Image-backed grounding data:

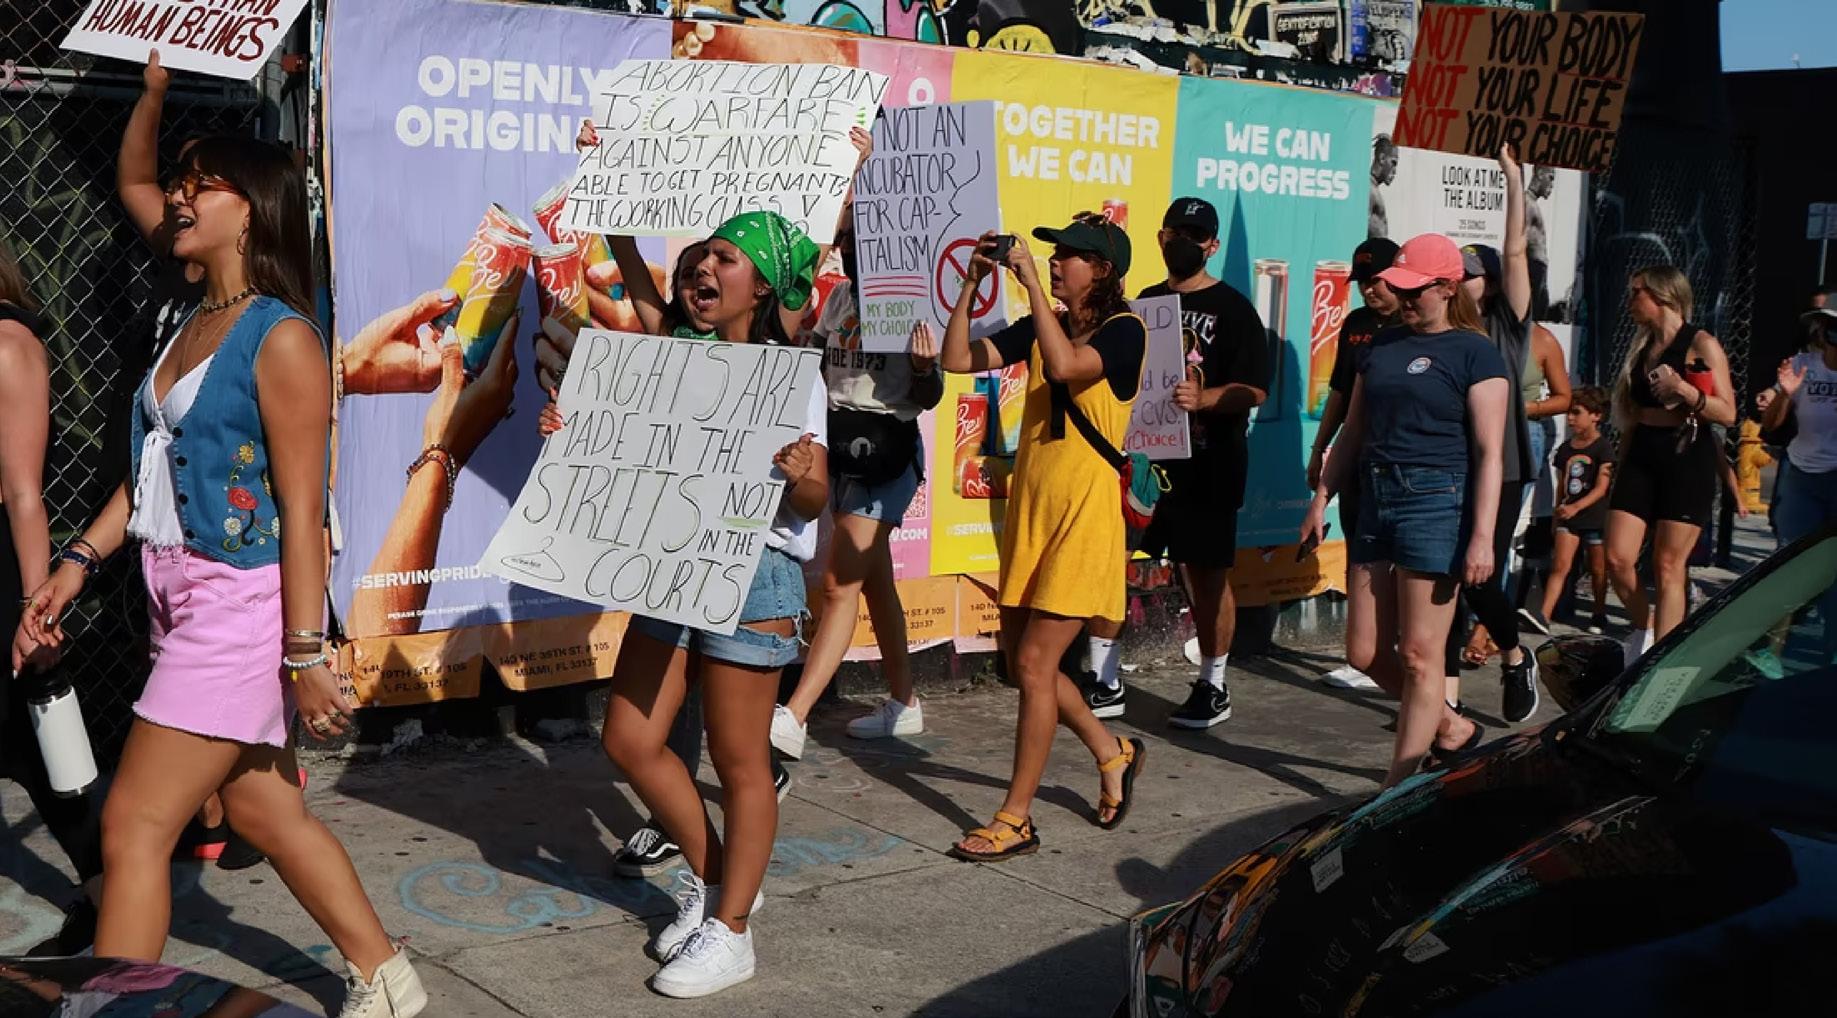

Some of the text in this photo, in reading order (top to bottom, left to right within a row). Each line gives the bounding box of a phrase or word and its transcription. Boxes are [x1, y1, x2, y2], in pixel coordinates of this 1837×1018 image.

[82, 0, 279, 61] HUMAN BEINGS
[1415, 6, 1486, 62] NOT
[1487, 11, 1557, 66] YOUR
[1557, 13, 1644, 79] BODY
[610, 61, 889, 104] ABORTION BAN
[1401, 60, 1624, 128] NOT YOUR LIFE
[395, 105, 588, 154] ORIGIN
[594, 93, 854, 136] IS WARFARE
[933, 105, 966, 148] AN
[578, 134, 846, 170] AGAINST ANYONE
[1225, 121, 1332, 162] WE CAN
[1391, 107, 1618, 173] NOT YOUR CHOICE
[570, 174, 632, 196] ABLE
[1008, 144, 1133, 186] WE CAN
[1196, 157, 1350, 200] PROGRESS
[1442, 165, 1504, 189] LOOK AT ME
[567, 195, 609, 226] THE
[608, 195, 704, 230] WORKING
[855, 195, 942, 235] FOR CAP-
[1444, 188, 1503, 211] THE ALBUM
[860, 320, 878, 337] MY
[866, 300, 916, 318] MY BODY
[577, 336, 823, 430] RIGHTS ARE
[541, 409, 756, 475] MADE IN THE
[523, 462, 783, 553] STREETS NOT
[698, 529, 758, 556] IN THE
[352, 565, 492, 590] #SERVINGPRID
[585, 548, 746, 625] COURTS

● DIRECTIONS FOR THIS TASK
Pictures do not go in the copy; print every entry exactly as it stands.

● TASK OUTPUT
Some of the text in this photo, in reading order (top to bottom, left to right within a row). Each line gives the bounding box of a phrase or word and its transcription. Boxes are [x1, y1, x2, y2], in pixel coordinates of this 1837×1018 image.

[82, 0, 279, 61] HUMAN BEINGS
[1415, 6, 1486, 62] NOT
[1487, 11, 1557, 66] YOUR
[1557, 13, 1644, 79] BODY
[610, 61, 889, 104] ABORTION BAN
[1401, 60, 1624, 128] NOT YOUR LIFE
[395, 105, 588, 154] ORIGIN
[594, 93, 854, 136] IS WARFARE
[933, 105, 966, 148] AN
[578, 134, 846, 170] AGAINST ANYONE
[1225, 121, 1332, 162] WE CAN
[1391, 107, 1618, 173] NOT YOUR CHOICE
[570, 174, 632, 196] ABLE
[1008, 144, 1133, 186] WE CAN
[1196, 157, 1350, 200] PROGRESS
[1442, 165, 1504, 189] LOOK AT ME
[567, 195, 609, 226] THE
[608, 195, 704, 230] WORKING
[855, 195, 942, 235] FOR CAP-
[1444, 188, 1503, 211] THE ALBUM
[860, 320, 878, 337] MY
[866, 300, 916, 318] MY BODY
[577, 336, 823, 430] RIGHTS ARE
[541, 409, 756, 475] MADE IN THE
[523, 462, 783, 553] STREETS NOT
[698, 529, 758, 556] IN THE
[352, 565, 492, 590] #SERVINGPRID
[585, 548, 746, 625] COURTS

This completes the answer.